#### Aim of the exercise:
The full listing should be written out verbatim, and its images should be dropped.
+ + + +
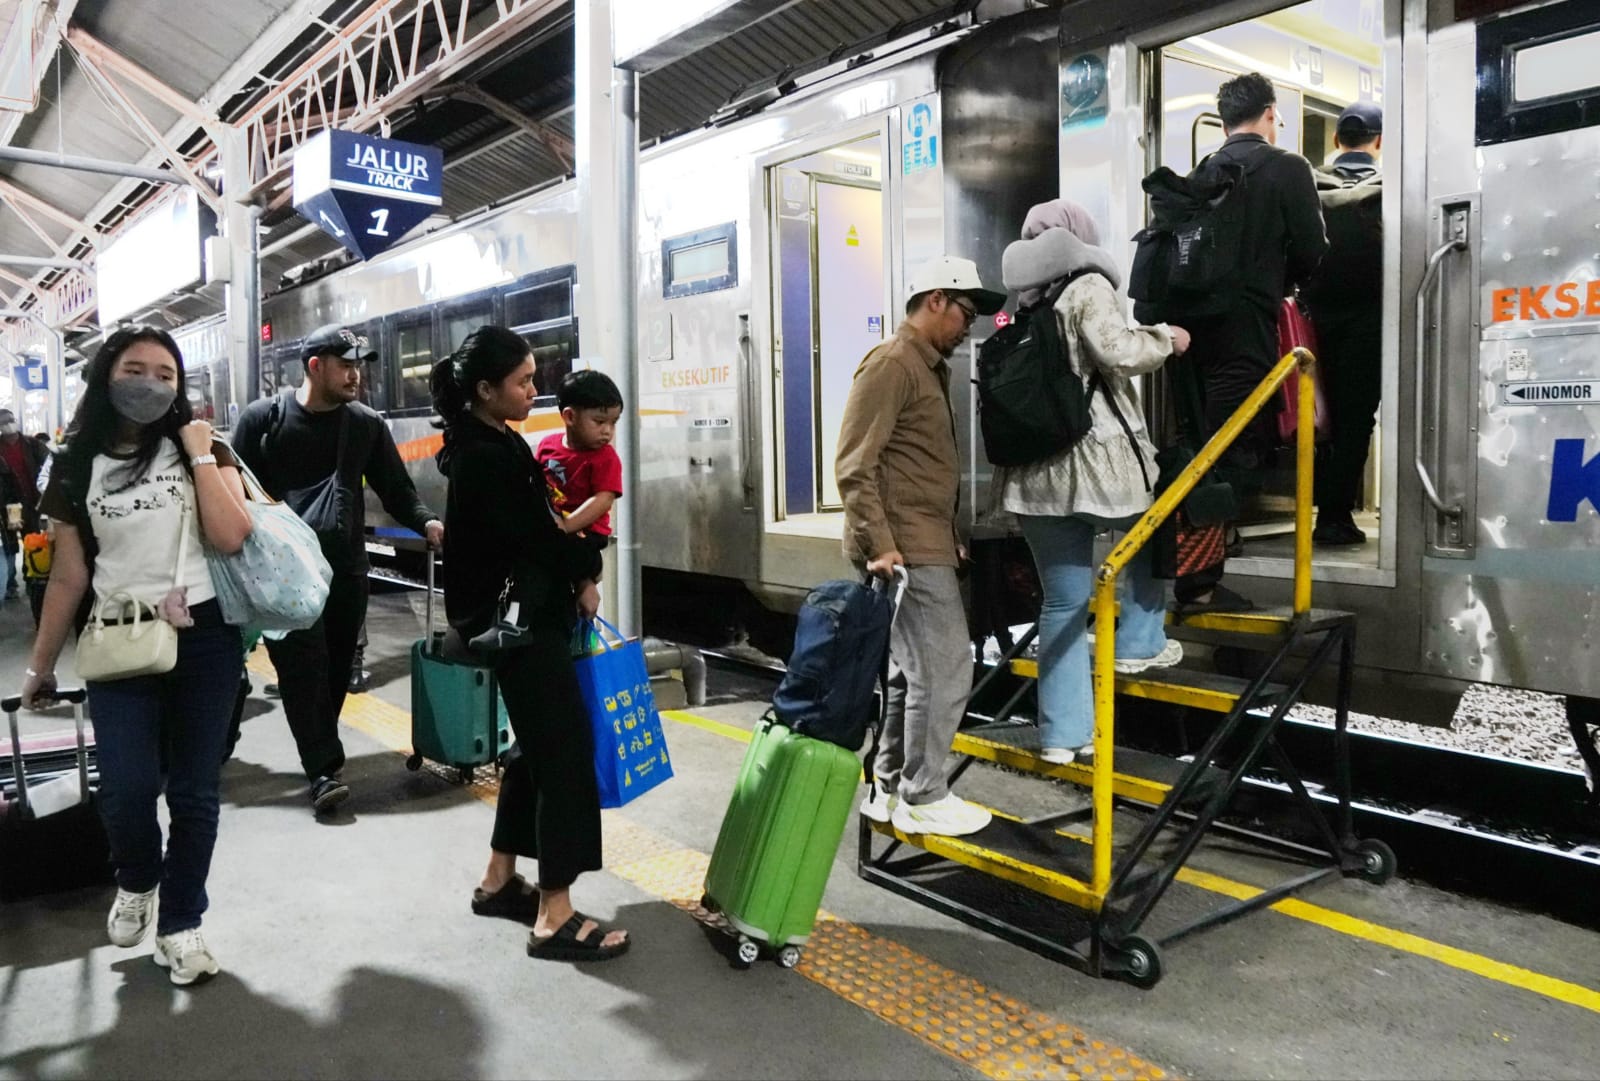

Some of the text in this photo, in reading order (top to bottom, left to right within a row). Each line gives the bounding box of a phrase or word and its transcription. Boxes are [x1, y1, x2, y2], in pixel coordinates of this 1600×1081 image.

[346, 143, 429, 178] JALUR
[367, 170, 414, 190] TRACK
[319, 210, 346, 237] 1
[367, 208, 389, 236] 1
[661, 366, 730, 388] EKSEKUTIF
[1541, 385, 1591, 400] NOMOR
[1547, 439, 1600, 522] K
+ + + +
#### Solution for this exercise:
Some of the text in this photo, in reading order (top to bottom, left to right within a row). Each line gives the bounding box of a phrase or word and its transcription. Boxes are [x1, y1, x2, y2], in pixel coordinates of this 1600×1081 image.

[346, 143, 429, 178] JALUR
[367, 170, 414, 190] TRACK
[319, 210, 346, 237] 1
[367, 208, 389, 236] 1
[661, 366, 730, 388] EKSEKUTIF
[1541, 385, 1591, 400] NOMOR
[1547, 439, 1600, 522] K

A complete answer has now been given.